Но причины высокой смертности в Глазго корнями уходят в более далекое прошлое, чем появление новых городов и высоток. Нужно обратиться к промышленной революции, утверждает Кэрол Крейг, написавшая две книги на эту тему. В Глазго, на тот момент считавшимся вторым городом империи, заводы и доки нуждались в рабочих. Перенаселение вкупе с привычкой выпивать привели к взрывоопасной ситуации.
Многие предпочитали пабы тесным коммуналкам; было не так много общественных мест для встреч. «В доме, где есть пьющие, с большей вероятностью будет жестокость, конфликты и даже сексуальное насилие», — говорит Крейг.

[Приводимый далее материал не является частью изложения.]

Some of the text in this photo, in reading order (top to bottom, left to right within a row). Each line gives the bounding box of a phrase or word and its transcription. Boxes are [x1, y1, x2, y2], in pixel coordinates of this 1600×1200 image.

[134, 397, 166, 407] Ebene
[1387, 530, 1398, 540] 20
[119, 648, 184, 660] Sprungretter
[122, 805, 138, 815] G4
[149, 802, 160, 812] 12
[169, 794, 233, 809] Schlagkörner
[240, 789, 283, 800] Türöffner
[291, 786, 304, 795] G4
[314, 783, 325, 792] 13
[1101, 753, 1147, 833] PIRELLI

Считается, что подверженность в детстве стрессовым событиям, таким как домашнее насилие, потеря родителей, плохое обращение или зависимость от наркотиков и алкоголя, связана с плохим психическим и физическим состоянием в дальнейшей жизни. Чем выше число «случаев неблагоприятного детства», как их называют, тем выше вероятность психических заболеваний или зависимости. В свою очередь, такие люди более склонны подвергать своих детей подобному опыту: «Неблагоприятный опыт зачастую передается сквозь поколения».
В начале 20 века предполагалось, что города покажут нам, как правильно жить. Современное урбанистическое планирование должно было сделать городских жителей более здоровыми и счастливыми. В 1933 году влиятельный швейцарско-французский архитектор и градостроитель Шарль-Эдуар Жаннере, известный как Ле Корбюзье, опубликовал свой проект идеального города. В отличие от прошлого, сказал он, город настоящего будет разработан так, чтобы приносить пользу своим жителям «в духовном и материальном плане».

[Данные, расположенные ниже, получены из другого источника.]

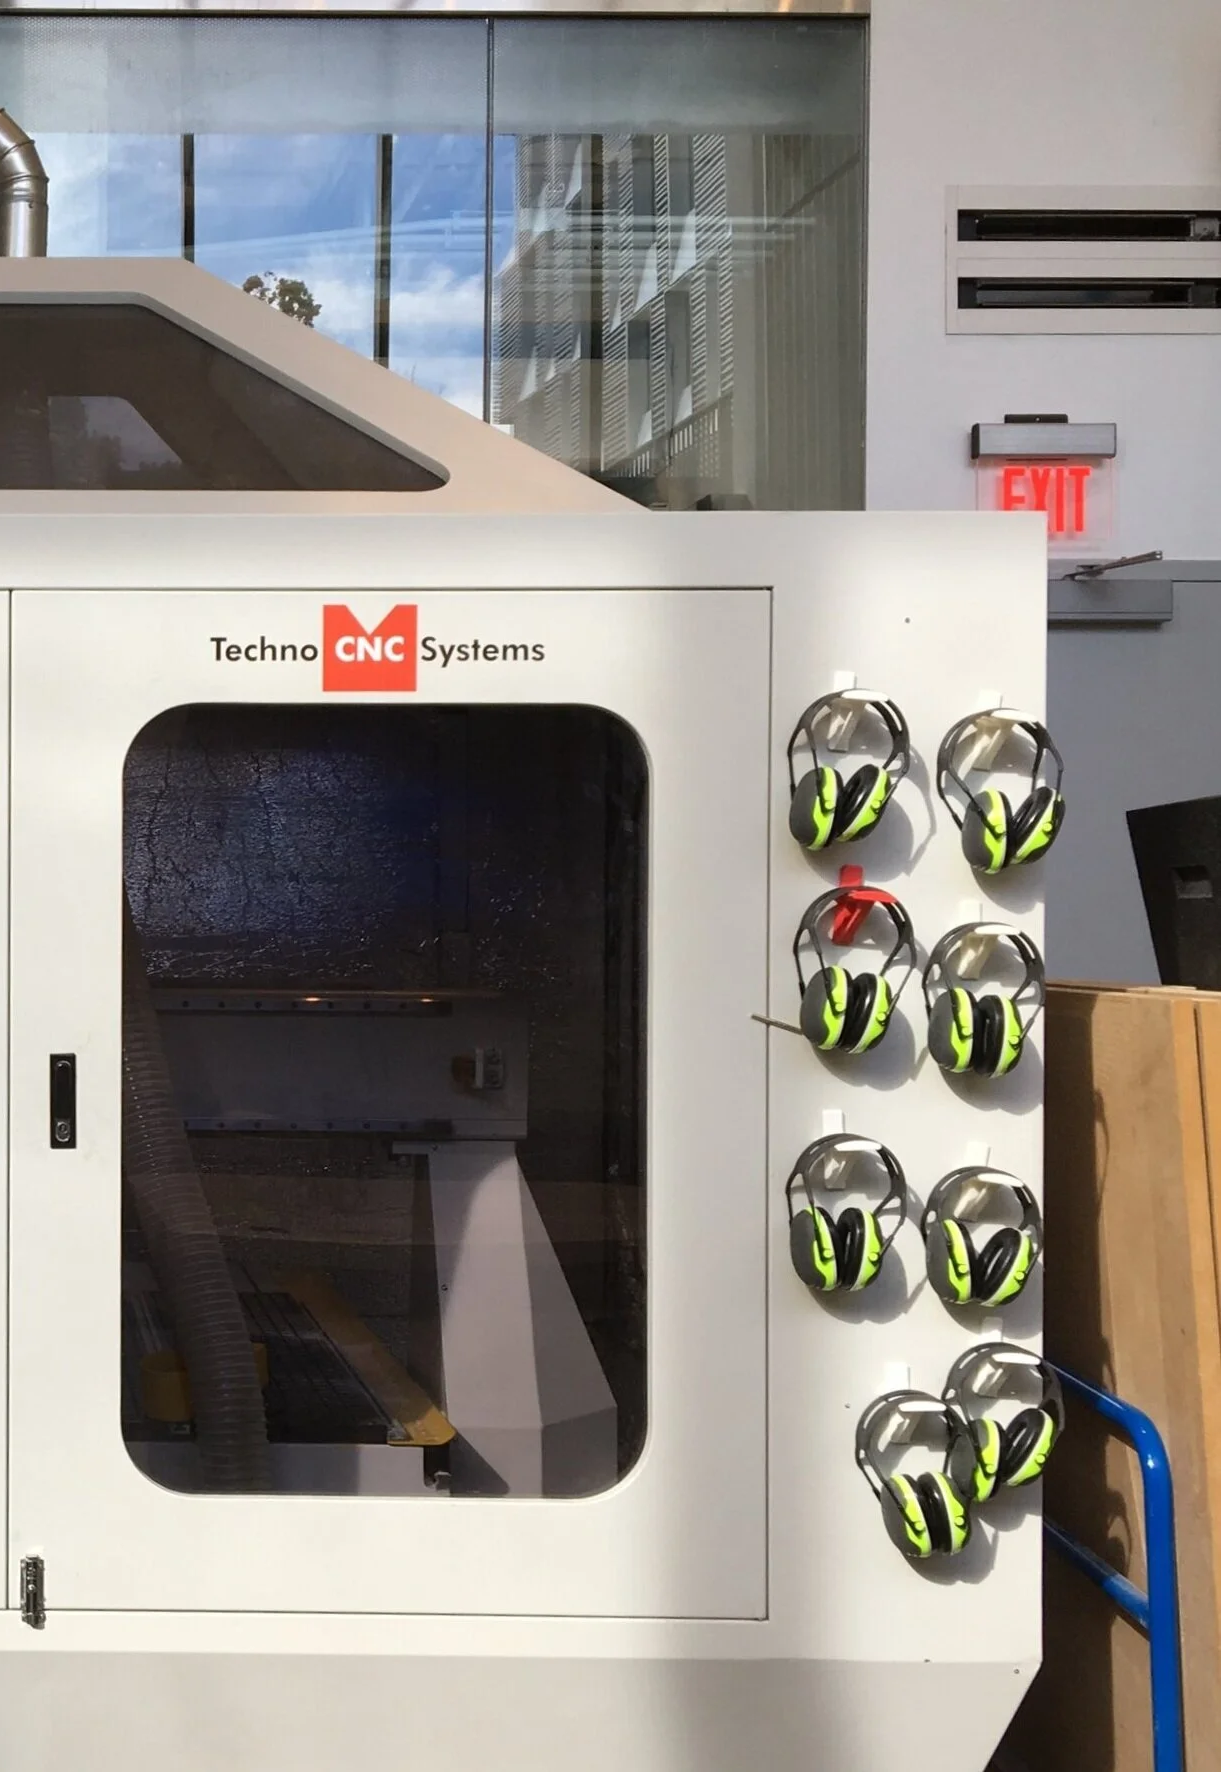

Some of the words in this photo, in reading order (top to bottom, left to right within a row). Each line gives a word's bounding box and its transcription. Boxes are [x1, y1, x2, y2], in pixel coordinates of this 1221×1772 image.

[1003, 467, 1091, 532] EXIT
[210, 635, 319, 662] Techno
[334, 635, 405, 663] CNC
[421, 636, 546, 668] Systems

В планах «Лучезарного города» промышленные, коммерческие и жилые зоны разделены, чтобы позволить работникам избежать загрязнения окружающей среды; дома окружены открытыми зелеными насаждениями, чтобы жители могли встречаться; повсюду широкие дороги; высотки помогут очистить трущобы, остатки быстрой индустриализации во многих городах со времен 19 века. Эти трущобы были перенаселены и антисанитарны, а их обитатели, как выразился архитектор, «неспособны инициировать улучшение».
Глазго был одним из первых городов, готовых воплотить эту идею. В 1954 году делегация советников и планировщиков посетила Марсель, чтобы увидеть Жилую единицу, 18-этажный жилой комплекс, построенный на бетонных сваях. Он был спроектирован Ле Корбюзье и закончен за два года до упомянутого визита. Вскоре Глазго стал рекордсменом Великобритании по количеству высотных домов за пределами Лондона.
Со времен Ле Корбюзье мы узнали больше о том, как дизайн зданий может влиять на поведение. В часто цитируемом исследовании 1973 года психолог Эндрю Баум изучал, как дизайн двух студенческих общежитий в университете Стони-Брук на Лонг-Айленде повлиял на общение 34 жильцов друг с другом.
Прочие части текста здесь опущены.